Steve Eskoz, a senior executive account manager at the Eugene Cohen Insurance Agency who has spent more than a decade coordinating underwriting decisions on life, disability, and long-term care cases, addressed this directly on a recent episode of the Income Protection Journal Podcast. His advice applies to anyone navigating a coverage gap or seeking to increase benefits after a career change.

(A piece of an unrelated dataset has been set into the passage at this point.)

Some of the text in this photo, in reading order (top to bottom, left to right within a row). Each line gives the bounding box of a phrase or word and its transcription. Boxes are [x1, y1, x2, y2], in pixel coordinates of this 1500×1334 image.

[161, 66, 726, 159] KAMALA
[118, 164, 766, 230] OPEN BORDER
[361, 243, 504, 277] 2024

One of the most consequential timing decisions, Eskoz explained, involves diagnostic testing. Genetic screening and full-body scans are becoming more common, but professionals who pursue them before applying for coverage may be introducing information into their medical records that insurers can and do use in underwriting.
“The more advanced that science gets, it almost hurts consumers in terms of being able to apply,” Eskoz said, “because they just know so much more.”
A genetic marker for a future condition, even in the complete absence of symptoms, can affect the rate class an applicant receives or trigger additional scrutiny. His recommendation is unambiguous: secure or expand individual disability coverage before undergoing genetic testing or elective diagnostic procedures, not after.
The same logic applies to anyone preparing for a medical exam as part of a new application. Eskoz outlined a set of practical steps that can meaningfully affect results. Fasting for at least eight hours before the exam, scheduling it in the morning, avoiding alcohol for several days beforehand, and staying well hydrated all contribute to cleaner lab results. He also flagged one that surprises many applicants: intense physical exercise in the 24 to 48 hours before an exam can cause protein levels in urine to spike, which underwriters may flag as a concern. “The harder you work out, the more you could see certain things in your urine that show up,” he said, noting that this has affected rate classes more than applicants expected.
For professionals with a more complicated medical history who need to apply for new or increased coverage after a job change, Eskoz described a pre-underwriting process that most consumers never encounter. Before a formal application is submitted, an experienced broker can present an anonymous summary of a client’s medical situation to multiple carriers and collect preliminary assessments. No application is on file, no decline is recorded, and the client gets a realistic read on which companies are likely to offer coverage and on what terms.
“I match up the risk to the insurance company,” Eskoz explained on the podcast. “You’re looking for companies to avoid and companies that are a little more magnetic to what your situation is.” That matchmaking step, done before any paperwork is submitted, can be the difference between a favorable offer and an unnecessary decline on record.
Disability insurance is not a product that functions well on autopilot. The policy itself is portable. Whether it remains appropriate — and whether the underwriting strategy around any new application is as strong as it can be — is a different question, and one that deserves attention each time a professional’s career or personal situation shifts in a meaningful way.
For physicians, attorneys, dentists, and other high-income professionals managing career transitions, the time to evaluate individual disability coverage options is before a change takes effect, not after.